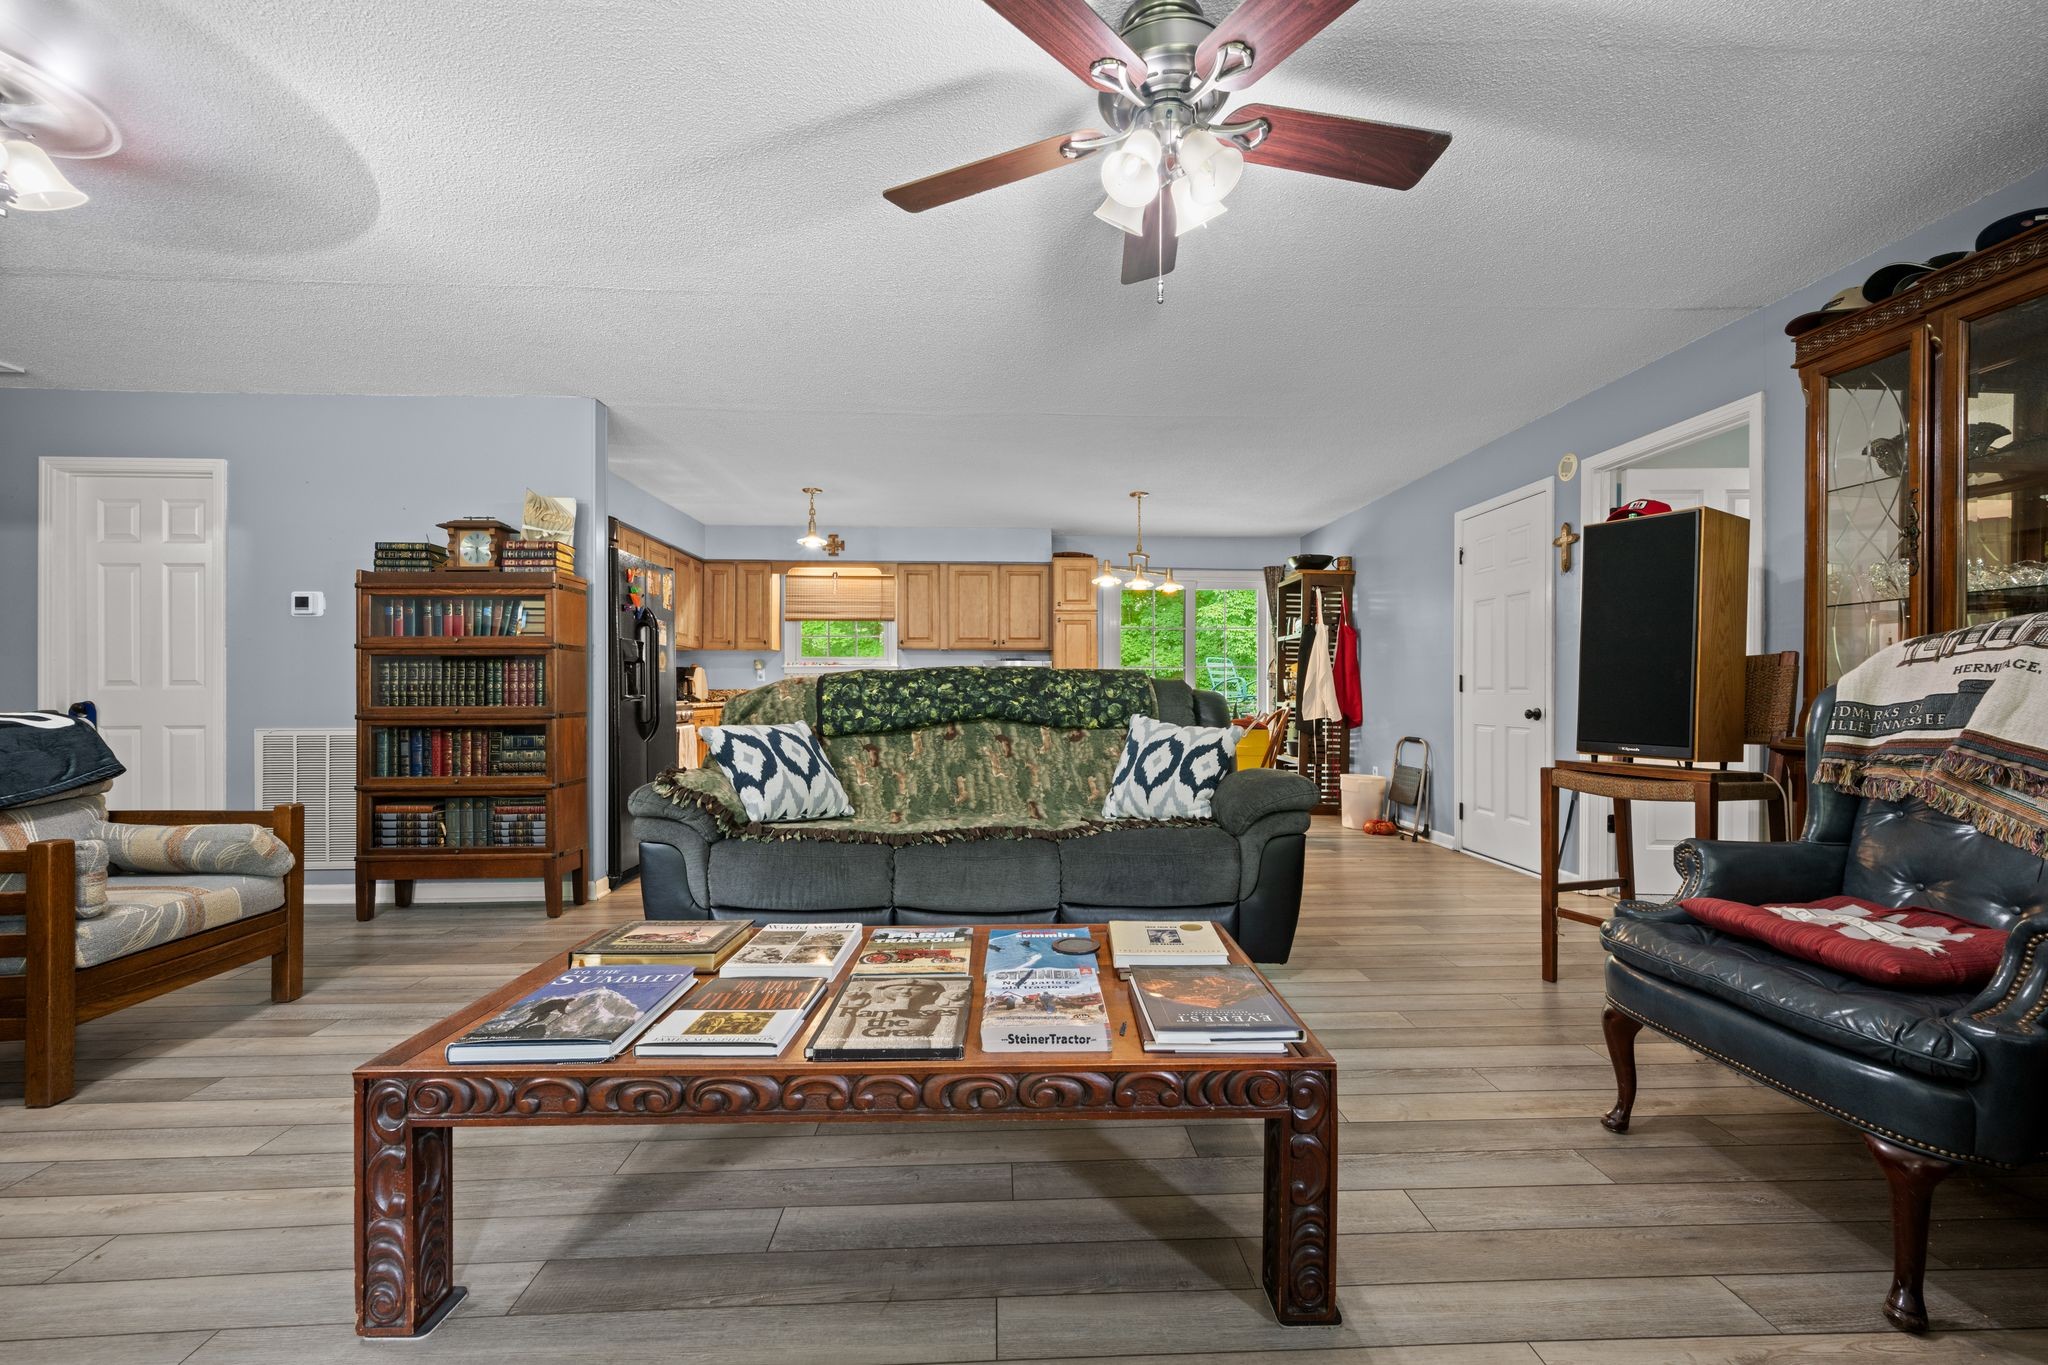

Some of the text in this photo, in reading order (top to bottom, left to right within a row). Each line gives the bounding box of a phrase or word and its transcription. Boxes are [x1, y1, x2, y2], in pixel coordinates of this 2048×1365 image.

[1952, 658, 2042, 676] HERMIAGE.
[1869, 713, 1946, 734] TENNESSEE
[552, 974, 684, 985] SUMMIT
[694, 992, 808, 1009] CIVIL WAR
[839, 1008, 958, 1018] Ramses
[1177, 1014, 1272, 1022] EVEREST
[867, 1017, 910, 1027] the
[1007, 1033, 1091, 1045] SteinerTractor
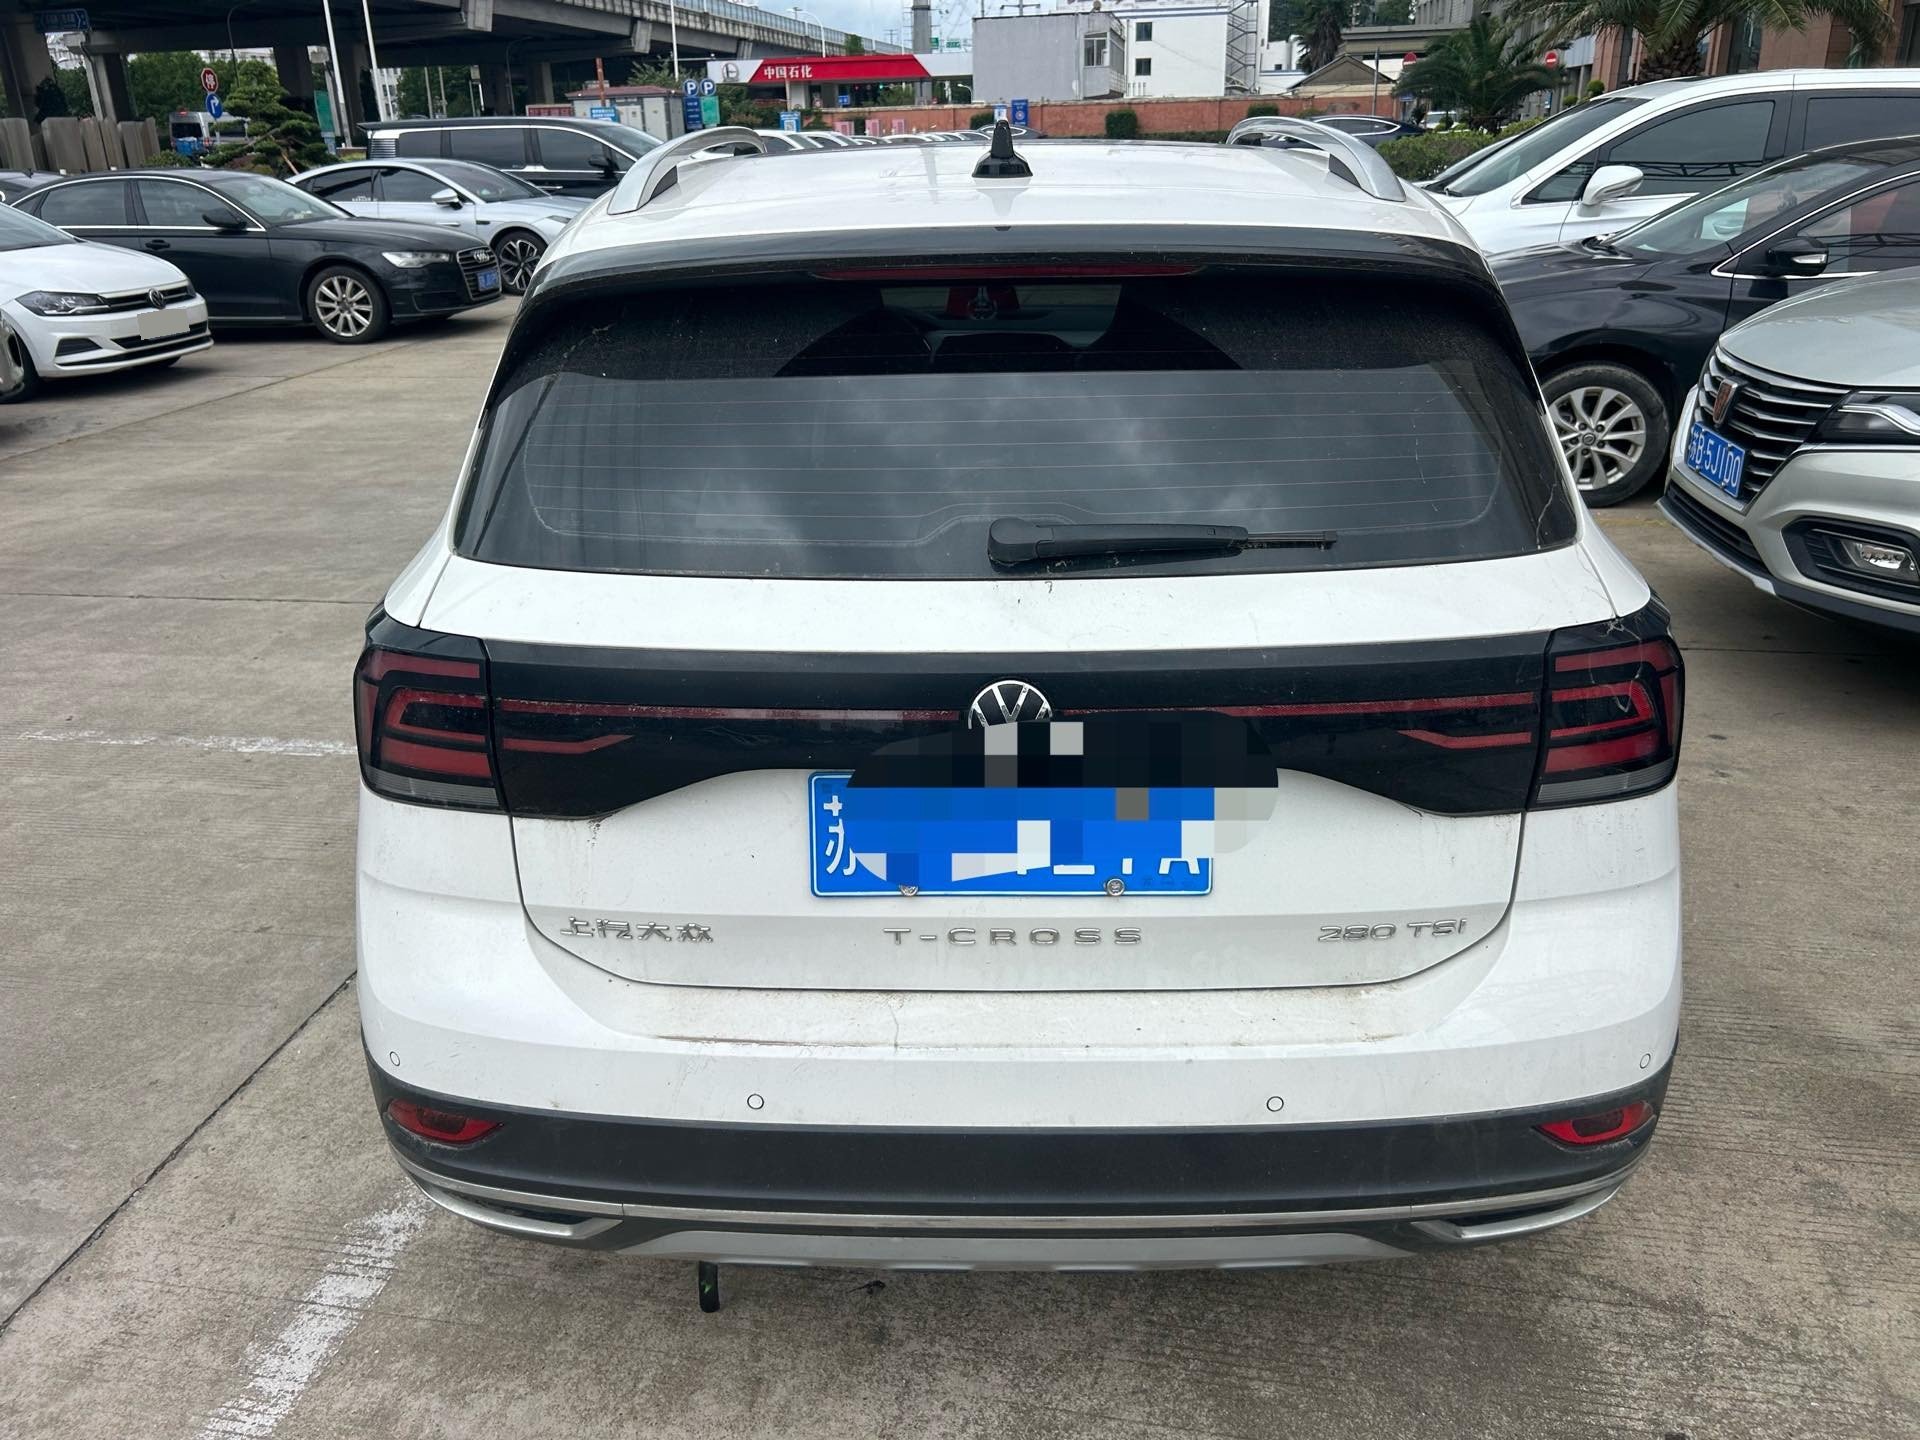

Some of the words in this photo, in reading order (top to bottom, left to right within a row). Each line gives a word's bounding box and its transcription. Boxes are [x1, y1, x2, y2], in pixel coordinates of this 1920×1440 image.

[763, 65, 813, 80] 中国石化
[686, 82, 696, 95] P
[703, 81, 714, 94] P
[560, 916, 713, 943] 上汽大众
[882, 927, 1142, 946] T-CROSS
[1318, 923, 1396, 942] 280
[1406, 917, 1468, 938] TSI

====

== What you have to do ==
Would you print the line containing "Some of the words" and every line after it up to the end of the listing above, exactly, and nothing else?

== Written solution ==
Some of the words in this photo, in reading order (top to bottom, left to right within a row). Each line gives a word's bounding box and its transcription. Boxes are [x1, y1, x2, y2], in pixel coordinates of this 1920×1440 image.

[763, 65, 813, 80] 中国石化
[686, 82, 696, 95] P
[703, 81, 714, 94] P
[560, 916, 713, 943] 上汽大众
[882, 927, 1142, 946] T-CROSS
[1318, 923, 1396, 942] 280
[1406, 917, 1468, 938] TSI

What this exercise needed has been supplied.